FILA has defined and supports amateur mma for kids in the form of Pankration. Pankration is submission grappling with strikes below the collarbone. It is very popular in Europe. We took a team of kids from the US to Kharkov Ukraine and had a great time over there. Team USA took 3rd place overall in both submission grappling and pankration.

We are way behind here in the US with sensible amateur mma.

Also in response to another poster. I define violence as having the intent to injure someone and successfully doing so. If you accept that definition then based on my observations there is much less violence in amateur mma than there is in mainstream sports like hockey & football.

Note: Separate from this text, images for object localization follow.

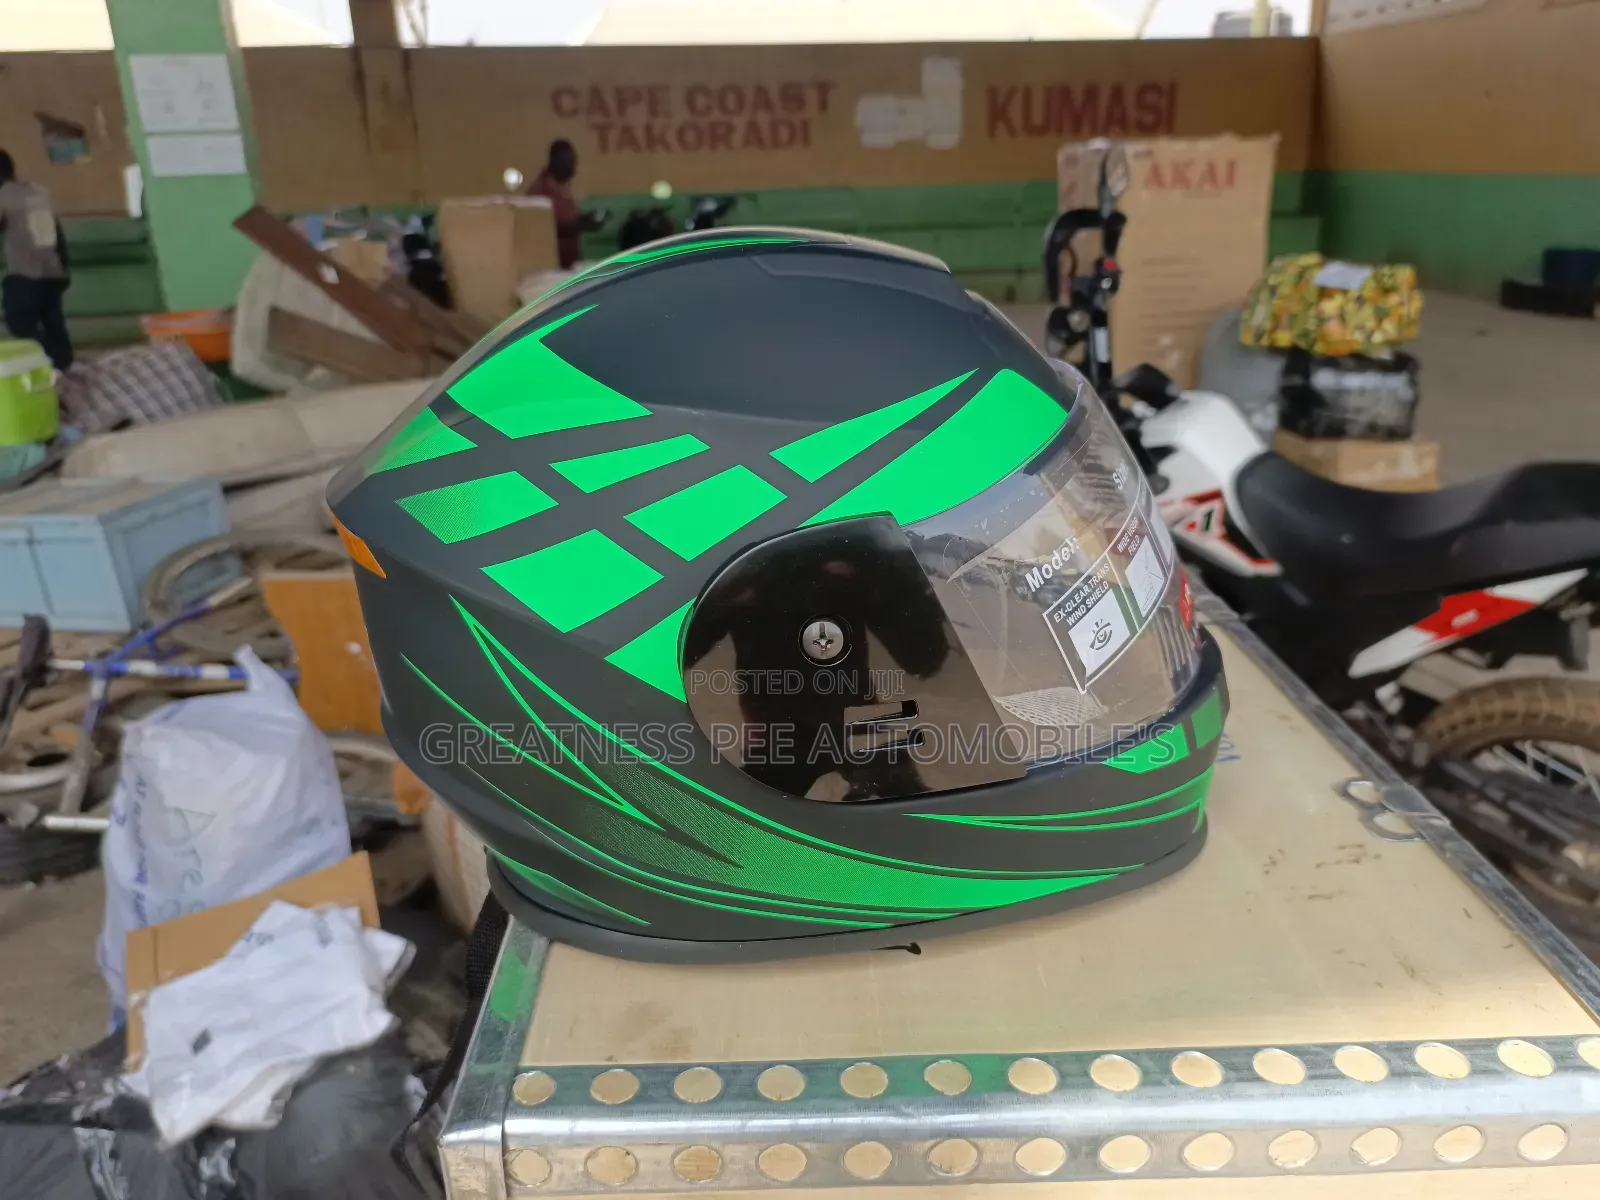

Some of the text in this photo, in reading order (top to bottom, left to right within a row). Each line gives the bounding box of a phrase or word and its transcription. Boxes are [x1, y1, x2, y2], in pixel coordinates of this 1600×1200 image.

[552, 80, 838, 120] CAPE COAST
[986, 82, 1178, 139] KUMASI
[591, 118, 812, 153] TAKORADI
[1145, 159, 1239, 190] AKAI
[1025, 537, 1080, 592] Model:
[1088, 563, 1110, 588] TRANS
[1066, 580, 1109, 626] WIND SHIELD

here is an example of what I'm talking about;

http://www.youtube.com/watch?v=E6DQ3tLddcs&playnext_from=TL&videos=kF9jLRsbuWI

Cheers


----------



## Hammerlock2.0 (Jun 17, 2009)

No. In my opinion you should be at least 18 before you can have a sanctioned MMA fight. I'm not really sure about the legal situation, but putting your well being on the line should be a decision an adult makes, not a child. Accidents can happen anytime, but they're much likely to happen when some unexperienced kid is trying to suplex you.


----------



## azer (Jun 19, 2007)

Hammerlock2.0 said:


> No. In my opinion you should be at least 18 before you can have a sanctioned MMA fight. I'm not really sure about the legal situation, but putting your well being on the line should be a decision an adult makes, not a child. Accidents can happen anytime, but they're much likely to happen when some unexperienced kid is trying to suplex you.

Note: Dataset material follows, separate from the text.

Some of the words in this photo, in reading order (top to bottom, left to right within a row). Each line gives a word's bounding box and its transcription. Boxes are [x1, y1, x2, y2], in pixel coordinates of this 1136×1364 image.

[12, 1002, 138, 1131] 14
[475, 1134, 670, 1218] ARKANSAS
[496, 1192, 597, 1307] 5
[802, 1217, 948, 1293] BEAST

Based on your objection I would assume you are also opposed to wrestling in High School and College? I'm not trying to be a smart ass but a suplex is a wrestling move.


----------



## osmium (Mar 6, 2007)

I don't think there are enough qualified people right now that would be willing to coach youth MMA in high school for it to be viable on a national level. Maybe in certain areas you could do it. You would need a proper overseeing body for it and different rules for safety of course. 

I think it would be great if it were a collegiate sport though and completely doable. It would probably make more money than most d-1 sports and be sustainable for a lot of schools who can't afford to keep the more expensive team sports that don't bring in money.


----------



## Tyson2011 (Jan 12, 2009)

i dont think its a good idea, we'd have even more of the typical tapout chavs who think they can kick your ass.


----------



## Hammerlock2.0 (Jun 17, 2009)

azer said:


> Based on your objection I would assume you are also opposed to wrestling in High School and College? I'm not trying to be a smart ass but a suplex is a wrestling move.

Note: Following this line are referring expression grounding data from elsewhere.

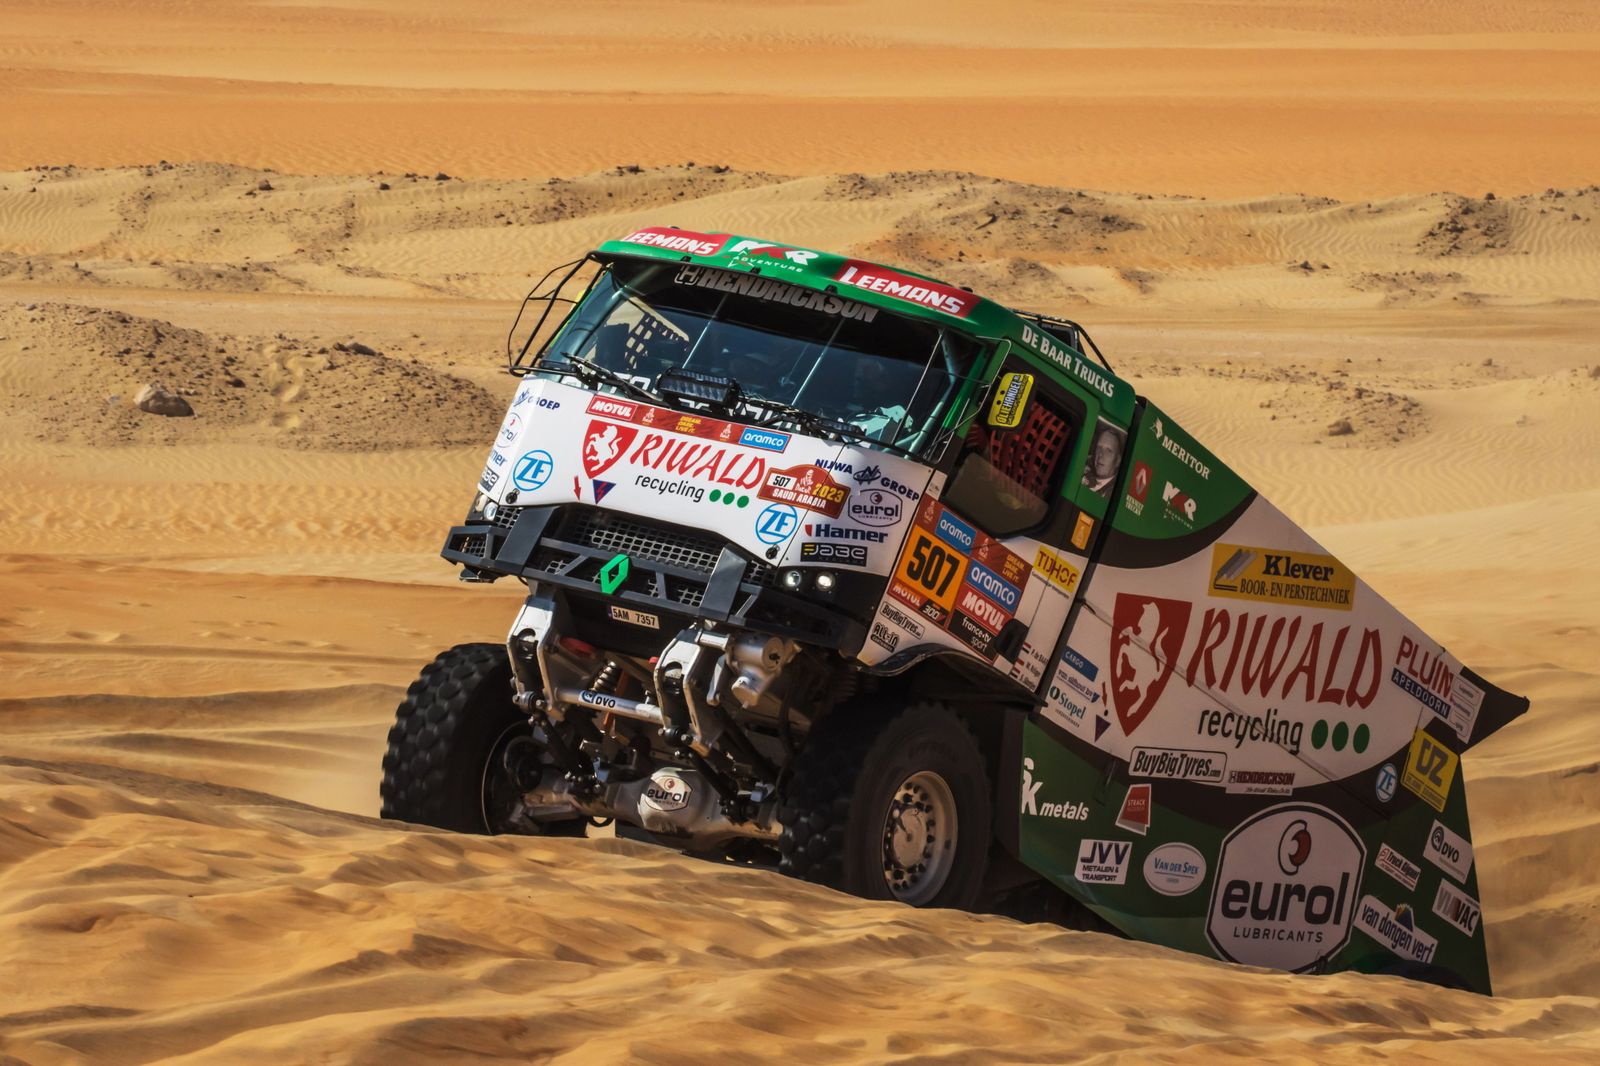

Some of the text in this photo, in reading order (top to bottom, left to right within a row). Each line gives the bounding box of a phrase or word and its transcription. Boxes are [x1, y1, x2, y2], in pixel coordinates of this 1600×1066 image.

[619, 232, 720, 255] LEEMANS
[697, 268, 879, 323] HENDRICKSON
[838, 266, 966, 316] LEEMANS
[1022, 325, 1114, 397] DE BAAR TRUCKS
[592, 402, 632, 417] MOTUL
[744, 432, 784, 447] aramco
[630, 433, 766, 490] RIWALD
[814, 459, 853, 475] NIJWA
[1162, 435, 1211, 480] MERITOR
[515, 455, 552, 487] ZF
[773, 475, 791, 487] 507
[635, 474, 705, 503] recycling
[772, 488, 827, 509] SAUDI ARABIA
[812, 482, 844, 503] 2023
[880, 477, 920, 501] GROEP
[758, 506, 797, 540] ZF
[851, 504, 899, 518] eurol
[815, 524, 888, 543] Hamer
[940, 519, 971, 546] aramco
[906, 535, 960, 598] 507
[1037, 551, 1077, 586] TIJHOF
[1262, 554, 1334, 582] Klever
[893, 583, 921, 607] MOTUL
[971, 567, 1015, 605] aramco
[1239, 578, 1350, 605] BOOR- EN PERSTECHNIEK
[613, 608, 656, 626] 5AM 7357
[962, 591, 1005, 631] MOTUL
[971, 636, 987, 652] sport
[1186, 607, 1382, 709] RIWALD
[595, 696, 616, 709] DVO
[1058, 692, 1086, 719] Stopel
[1393, 671, 1449, 718] APELDOORN
[1198, 708, 1304, 755] recycling
[647, 789, 688, 803] eurol
[1039, 801, 1089, 821] metals
[1081, 842, 1130, 865] JVV
[1441, 842, 1459, 863] DVO
[1082, 865, 1114, 873] METALEN
[1082, 874, 1118, 882] TRANSPORT
[1221, 872, 1350, 925] eurol
[1233, 926, 1324, 943] LUBRICANTS
[1361, 904, 1434, 964] van dongen verf

Yeah, but in MMA any guy can suplex you. Even that small kid next door. For all you know that guy has seen Lesnar pull off a suplex on a giant and tries to do that to you. In wrestling people know what they're doing and injury is less likely. Plus they don't hit you in the head once they have you pinned to the mat.


----------



## azer (Jun 19, 2007)

Hammerlock2.0 said:


> Yeah, but in MMA any guy can suplex you. Even that small kid next door. For all you know that guy has seen Lesnar pull off a suplex on a giant and tries to do that to you. In wrestling people know what they're doing and injury is less likely. Plus they don't hit you in the head once they have you pinned to the mat.


I'm not advocating that kids be allowed to punch each other in the head at all in amateur mma. Check out the FILA rules for Pankration to see what I'm talking about. This system is up and running and has been for many years now.

I think the point you are missing is that if you examine youth sports you find that sensible amateur mma rules sets make the sport much less risky than other common sports. You are also assuming that practitioners will attempt techniques that they are not skilled enough to pull off and will hurt people. I don't know why you would make that assumption.


----------



## G_Land (Aug 11, 2009)

I think they should maybe try how the Army does their competitions going through the levels ...The intermedate allows open hand strikes to the head

One of the fundamental aspects of Modern Army Combatives training is the use of competitions as a tool to motivate Soldiers to train. Realizing the inherent problem with competitive systems, that competitors will focus their training on winning and therefore only train the techniques that are allowed in competition, Larsen designed a system of graduated rules. More liberal rules are used for higher level of competitions.
There are four levels of competition;

Basic- For competition for new Soldiers such as basic trainees or for squad and platoon level, Competitors start grappling from their knees and no leg locks are allowed.

Standard- For company level competition and for preliminary bouts in any tournament above company level, Competitors begin from their feet. Straight leg and foot locks are allowed and points are awarded in a scoring system based the way takedowns are scored in Collegiate wrestling and positional dominance in ground grappling from Brazilian Jiu-Jitsu.

Intermediate- For the finals at Battalion and brigade level and semi-finals at division and above, Intermediate rules allow limited striking. Open hand strikes are allowed to the head and closed fist strikes to the body. Kicks are allowed to any target except the groin while standing and knee strikes are allowed to the body while standing and to the legs while on the ground. The fight consists of one ten minute round.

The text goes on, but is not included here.